Leave out the images and set down the records below exactly.
───── The input
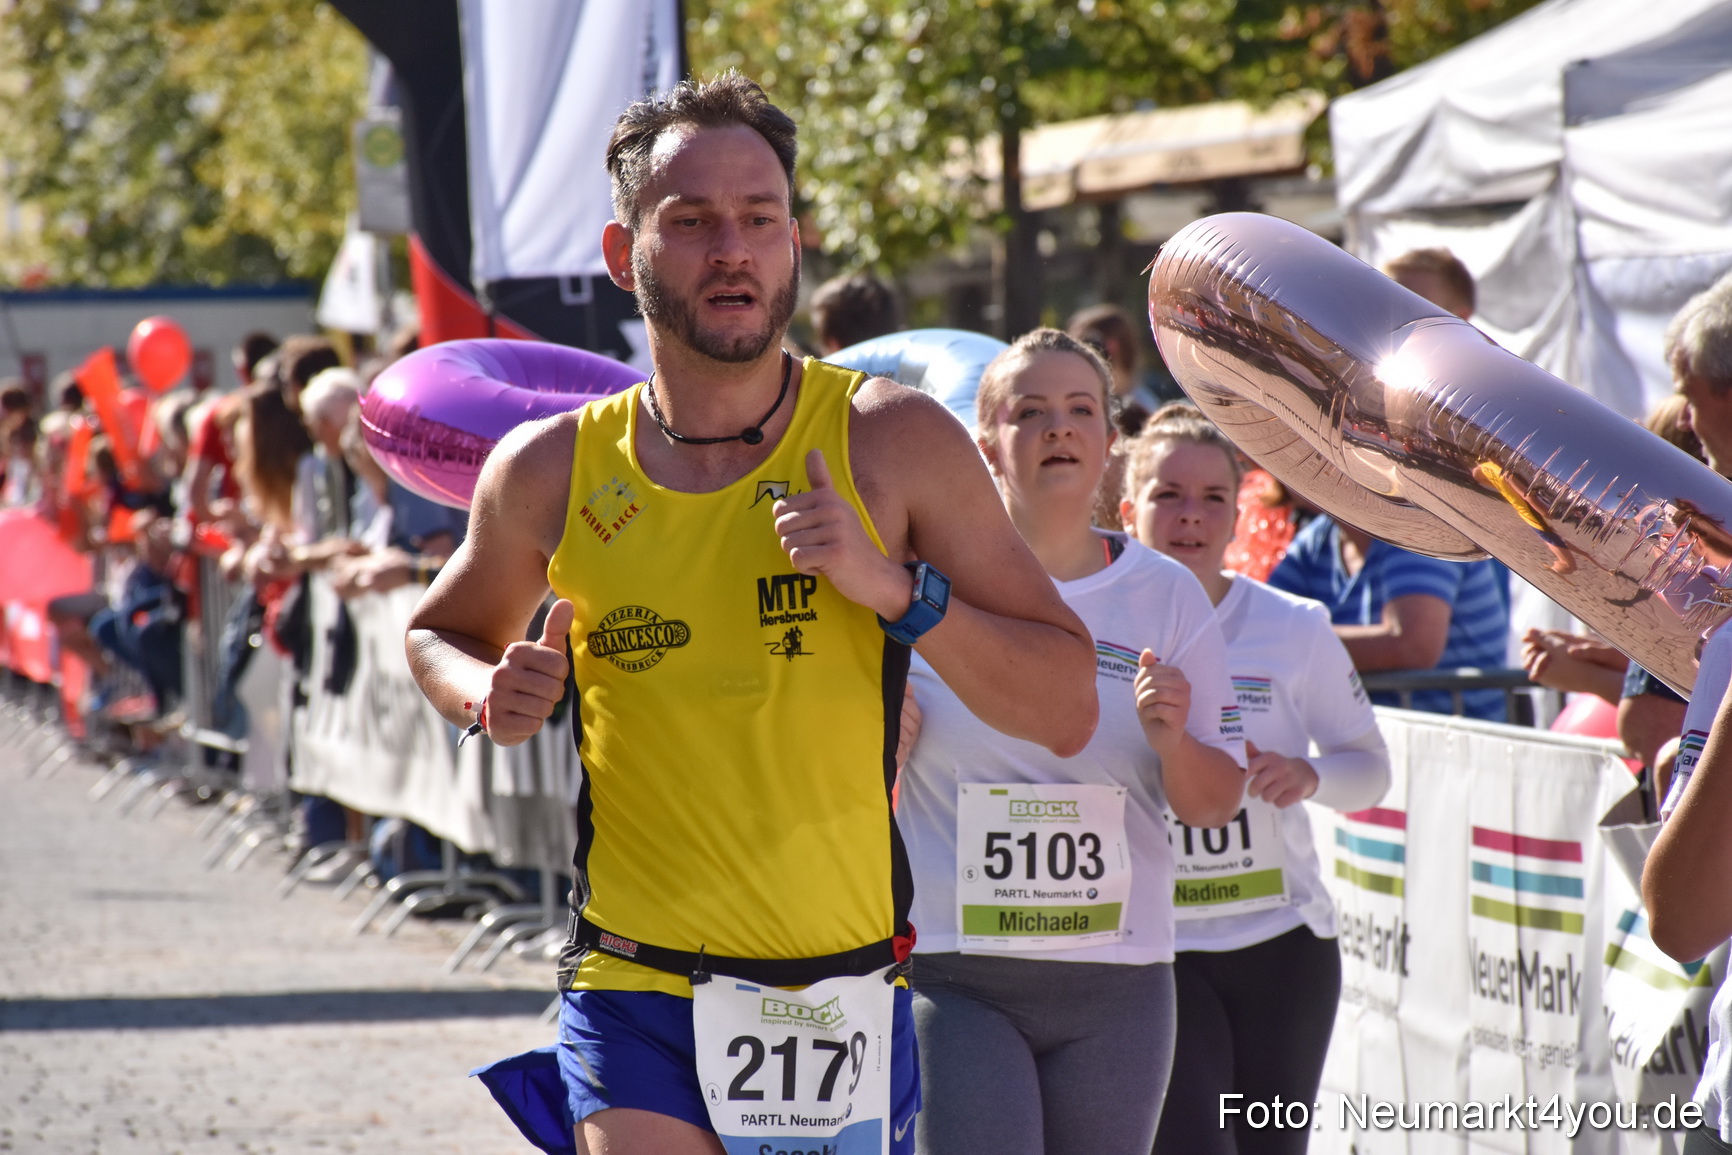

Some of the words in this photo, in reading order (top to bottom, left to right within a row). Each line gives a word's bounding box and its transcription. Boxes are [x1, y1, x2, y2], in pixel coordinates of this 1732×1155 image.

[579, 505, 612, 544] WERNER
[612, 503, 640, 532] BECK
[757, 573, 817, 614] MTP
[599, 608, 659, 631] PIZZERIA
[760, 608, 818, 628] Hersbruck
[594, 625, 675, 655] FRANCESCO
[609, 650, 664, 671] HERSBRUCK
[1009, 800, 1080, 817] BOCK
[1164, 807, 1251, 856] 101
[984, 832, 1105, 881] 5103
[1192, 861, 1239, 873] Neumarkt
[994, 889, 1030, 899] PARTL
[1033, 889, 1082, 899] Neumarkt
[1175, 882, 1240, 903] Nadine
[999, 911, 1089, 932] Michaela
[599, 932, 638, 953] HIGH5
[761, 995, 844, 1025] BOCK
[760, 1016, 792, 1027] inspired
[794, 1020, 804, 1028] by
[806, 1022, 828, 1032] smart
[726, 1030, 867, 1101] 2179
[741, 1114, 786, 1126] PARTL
──────────
> **Exercise answer**
Some of the words in this photo, in reading order (top to bottom, left to right within a row). Each line gives a word's bounding box and its transcription. Boxes are [x1, y1, x2, y2], in pixel coordinates of this 1732×1155 image.

[579, 505, 612, 544] WERNER
[612, 503, 640, 532] BECK
[757, 573, 817, 614] MTP
[599, 608, 659, 631] PIZZERIA
[760, 608, 818, 628] Hersbruck
[594, 625, 675, 655] FRANCESCO
[609, 650, 664, 671] HERSBRUCK
[1009, 800, 1080, 817] BOCK
[1164, 807, 1251, 856] 101
[984, 832, 1105, 881] 5103
[1192, 861, 1239, 873] Neumarkt
[994, 889, 1030, 899] PARTL
[1033, 889, 1082, 899] Neumarkt
[1175, 882, 1240, 903] Nadine
[999, 911, 1089, 932] Michaela
[599, 932, 638, 953] HIGH5
[761, 995, 844, 1025] BOCK
[760, 1016, 792, 1027] inspired
[794, 1020, 804, 1028] by
[806, 1022, 828, 1032] smart
[726, 1030, 867, 1101] 2179
[741, 1114, 786, 1126] PARTL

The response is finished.